Prepare Training Data#

Finetuner accepts training data and evaluation data in the form of DocumentArray objects. Because Finetuner follows a supervised-learning scheme, you should assign a label to each Document inside your DocumentArray. For most of the models, this is done by adding a fintuner_label tag to each document. Only for cross-modality (text-to-image) fine-tuning with CLIP, this is not necessary as explained at the bottom of this section.

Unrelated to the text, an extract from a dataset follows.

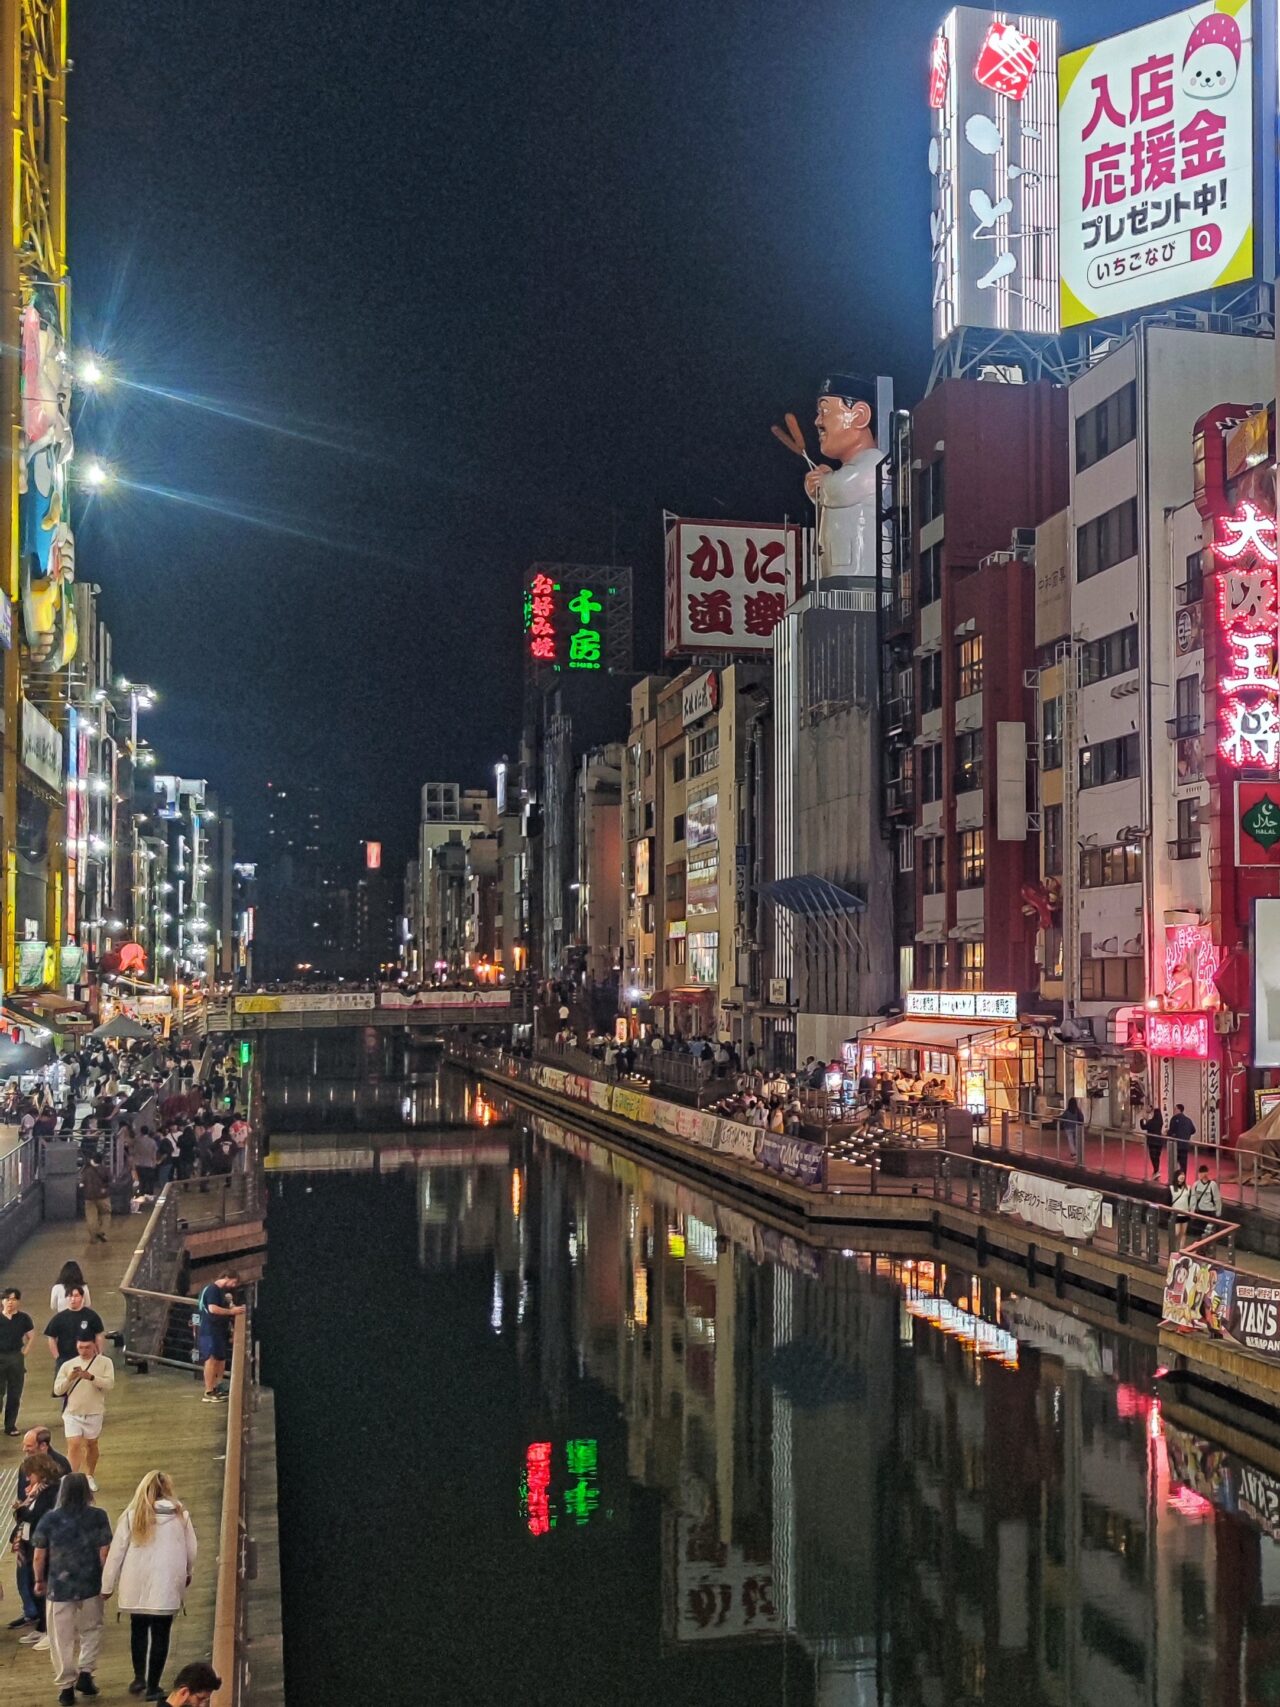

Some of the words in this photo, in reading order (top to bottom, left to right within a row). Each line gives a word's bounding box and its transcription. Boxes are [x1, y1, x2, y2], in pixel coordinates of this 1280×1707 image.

In the code blocks below, you can see examples which demonstrate how the training datasets should look like:

from docarray import Document, DocumentArray

train_da = DocumentArray([
    Document(
        content='pencil skirt slim fit available for sell',
        tags={'finetuner_label': 'skirt'}
    ),
    Document(
        content='stripped over-sized shirt for sell',
        tags={'finetuner_label': 't-shirt'}
    ),
    ...,
])
from docarray import Document, DocumentArray

train_da = DocumentArray([
    Document(
        uri='https://...skirt-1.png',
        tags={'finetuner_label': 'skirt'},
    ),
    Document(
        uri='https://...t-shirt-1.png',
        tags={'finetuner_label': 't-shirt'},
    ),
    ...,
])
from docarray import Document, DocumentArray

train_da = DocumentArray([
    Document(
        chunks=[
            Document(
                content='pencil skirt slim fit available for sell',
                modality='text',
            ),
            Document(
                uri='https://...skirt-1.png',
                modality='image',
            ),
        ],
    ),
    Document(
        chunks=[
            Document(
                content='stripped over-sized shirt for sell',
                modality='text',
            ),
            Document(
                uri='https://...shirt-1.png',
                modality='image',
            ),
        ],
    ),
])

As was shown in the above code blocks, when fine-tuning a model with a single modality (e.g. image), you only need to create a Document with content and tags with the finetuner_label.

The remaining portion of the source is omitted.